## TASK BRIEF
Count the lines in the data below where the string "ROBERT" occurs, please, and give the number alone.

## DATA EXTRACTS
· · ·

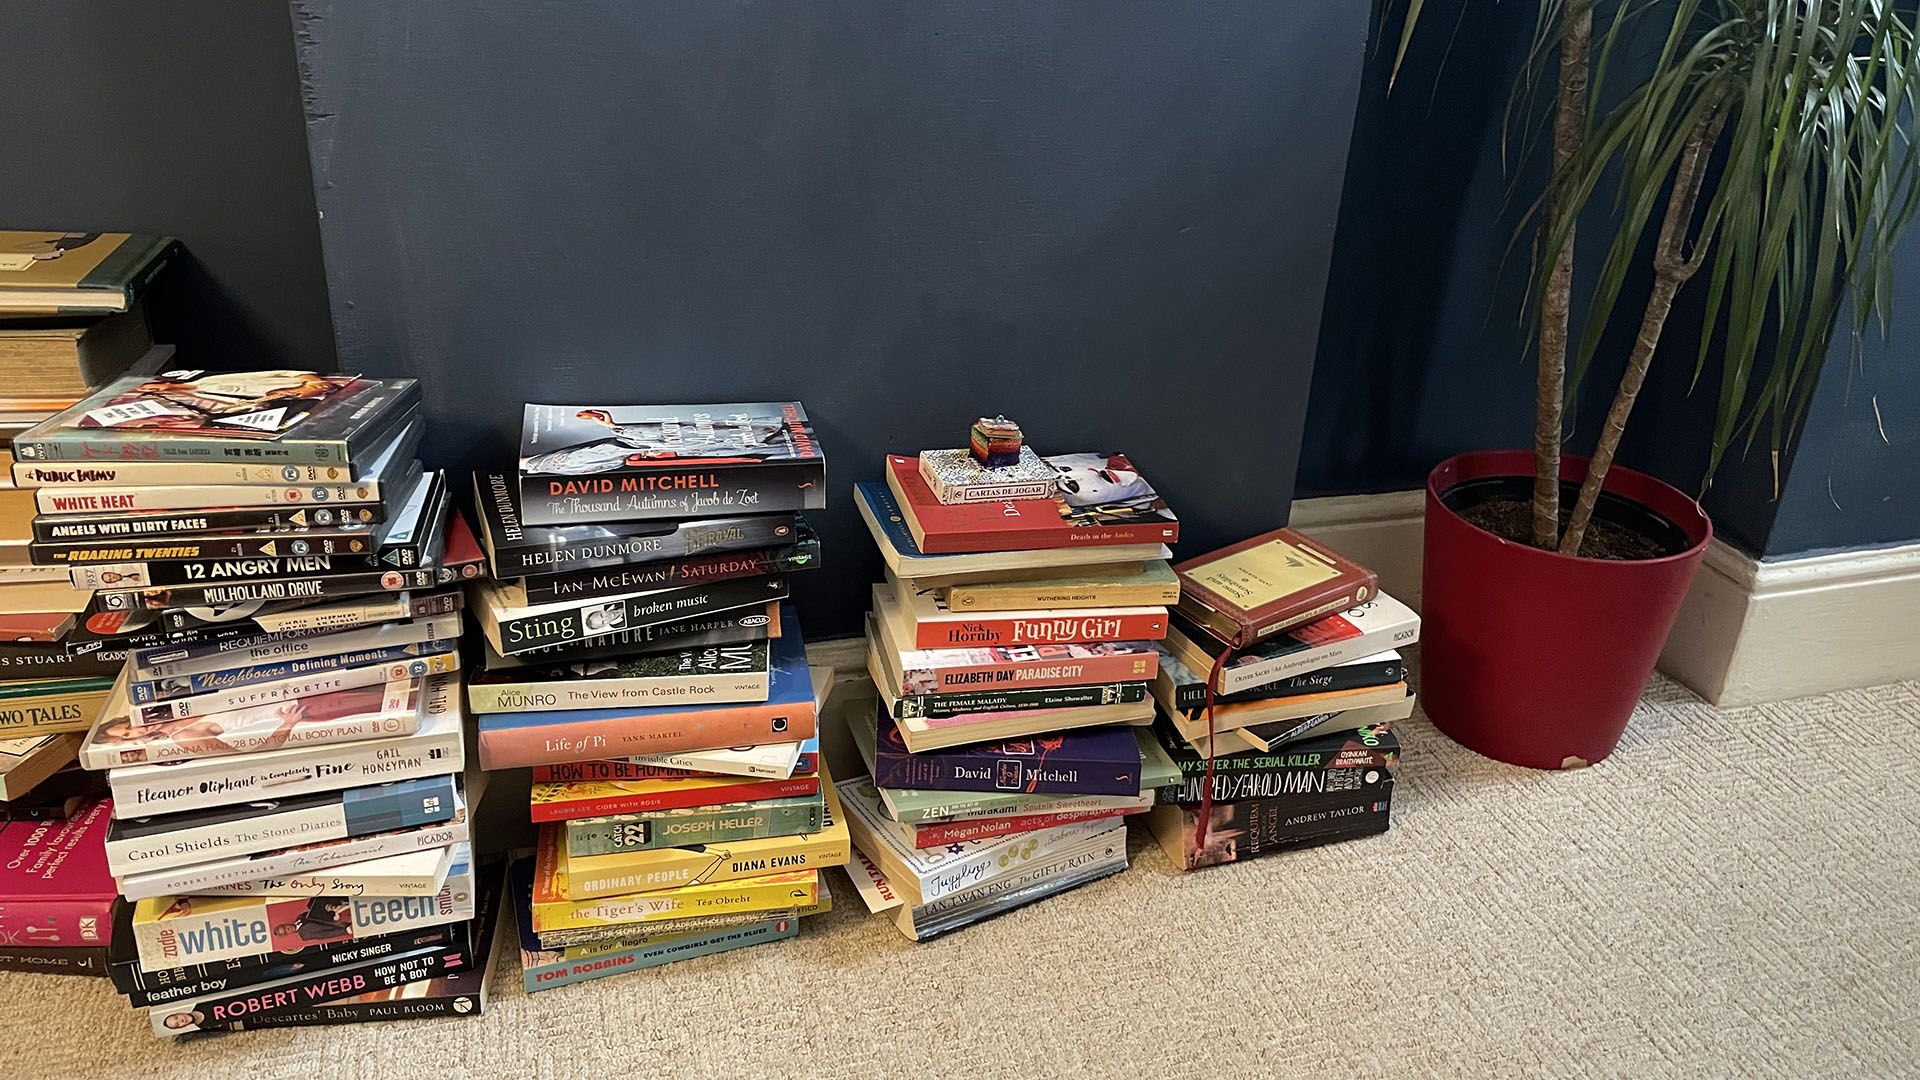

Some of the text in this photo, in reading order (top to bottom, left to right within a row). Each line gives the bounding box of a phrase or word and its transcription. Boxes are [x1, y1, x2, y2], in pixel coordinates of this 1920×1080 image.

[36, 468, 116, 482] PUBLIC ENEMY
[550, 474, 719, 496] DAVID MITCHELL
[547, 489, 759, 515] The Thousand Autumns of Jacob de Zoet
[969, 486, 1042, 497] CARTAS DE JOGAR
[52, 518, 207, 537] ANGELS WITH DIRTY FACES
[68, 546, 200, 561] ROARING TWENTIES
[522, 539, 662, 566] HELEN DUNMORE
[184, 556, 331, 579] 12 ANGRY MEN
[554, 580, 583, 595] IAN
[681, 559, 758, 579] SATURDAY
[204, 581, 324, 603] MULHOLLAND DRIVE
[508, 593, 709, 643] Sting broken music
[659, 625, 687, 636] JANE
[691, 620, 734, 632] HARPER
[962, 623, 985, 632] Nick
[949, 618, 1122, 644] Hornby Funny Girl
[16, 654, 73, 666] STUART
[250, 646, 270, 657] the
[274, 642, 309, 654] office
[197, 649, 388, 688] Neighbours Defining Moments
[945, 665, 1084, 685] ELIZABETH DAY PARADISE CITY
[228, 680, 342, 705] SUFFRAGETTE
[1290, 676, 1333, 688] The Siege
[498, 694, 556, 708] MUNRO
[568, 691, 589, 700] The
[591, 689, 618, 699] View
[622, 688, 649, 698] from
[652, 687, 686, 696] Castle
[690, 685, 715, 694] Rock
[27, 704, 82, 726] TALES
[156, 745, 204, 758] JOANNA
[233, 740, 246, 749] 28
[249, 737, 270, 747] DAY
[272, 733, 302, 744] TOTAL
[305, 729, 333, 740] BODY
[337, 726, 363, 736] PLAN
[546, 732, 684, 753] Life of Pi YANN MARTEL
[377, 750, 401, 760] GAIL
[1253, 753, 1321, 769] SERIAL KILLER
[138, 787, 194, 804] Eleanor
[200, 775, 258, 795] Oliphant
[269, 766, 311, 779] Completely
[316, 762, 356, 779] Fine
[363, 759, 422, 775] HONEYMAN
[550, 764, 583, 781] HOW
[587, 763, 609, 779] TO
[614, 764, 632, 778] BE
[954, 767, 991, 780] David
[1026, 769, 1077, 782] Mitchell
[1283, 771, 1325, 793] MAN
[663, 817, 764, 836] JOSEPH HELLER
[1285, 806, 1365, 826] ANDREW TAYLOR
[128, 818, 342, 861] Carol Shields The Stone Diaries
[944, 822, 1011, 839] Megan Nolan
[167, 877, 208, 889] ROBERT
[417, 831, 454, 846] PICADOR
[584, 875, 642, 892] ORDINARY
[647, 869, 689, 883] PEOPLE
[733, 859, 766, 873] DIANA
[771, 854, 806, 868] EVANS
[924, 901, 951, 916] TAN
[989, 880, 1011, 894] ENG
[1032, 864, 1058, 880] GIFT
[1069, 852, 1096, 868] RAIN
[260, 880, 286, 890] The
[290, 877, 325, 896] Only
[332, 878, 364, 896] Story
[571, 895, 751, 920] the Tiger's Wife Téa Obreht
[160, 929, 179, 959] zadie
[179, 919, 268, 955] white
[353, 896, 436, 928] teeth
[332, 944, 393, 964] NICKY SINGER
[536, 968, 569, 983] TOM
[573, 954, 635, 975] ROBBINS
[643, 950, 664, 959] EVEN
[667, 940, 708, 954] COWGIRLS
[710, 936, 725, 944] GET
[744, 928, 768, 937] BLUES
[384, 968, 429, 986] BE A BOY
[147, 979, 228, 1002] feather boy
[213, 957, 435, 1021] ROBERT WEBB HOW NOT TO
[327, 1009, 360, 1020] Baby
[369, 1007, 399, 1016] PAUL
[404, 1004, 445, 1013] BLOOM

· · ·

## WRITTEN SOLUTION
2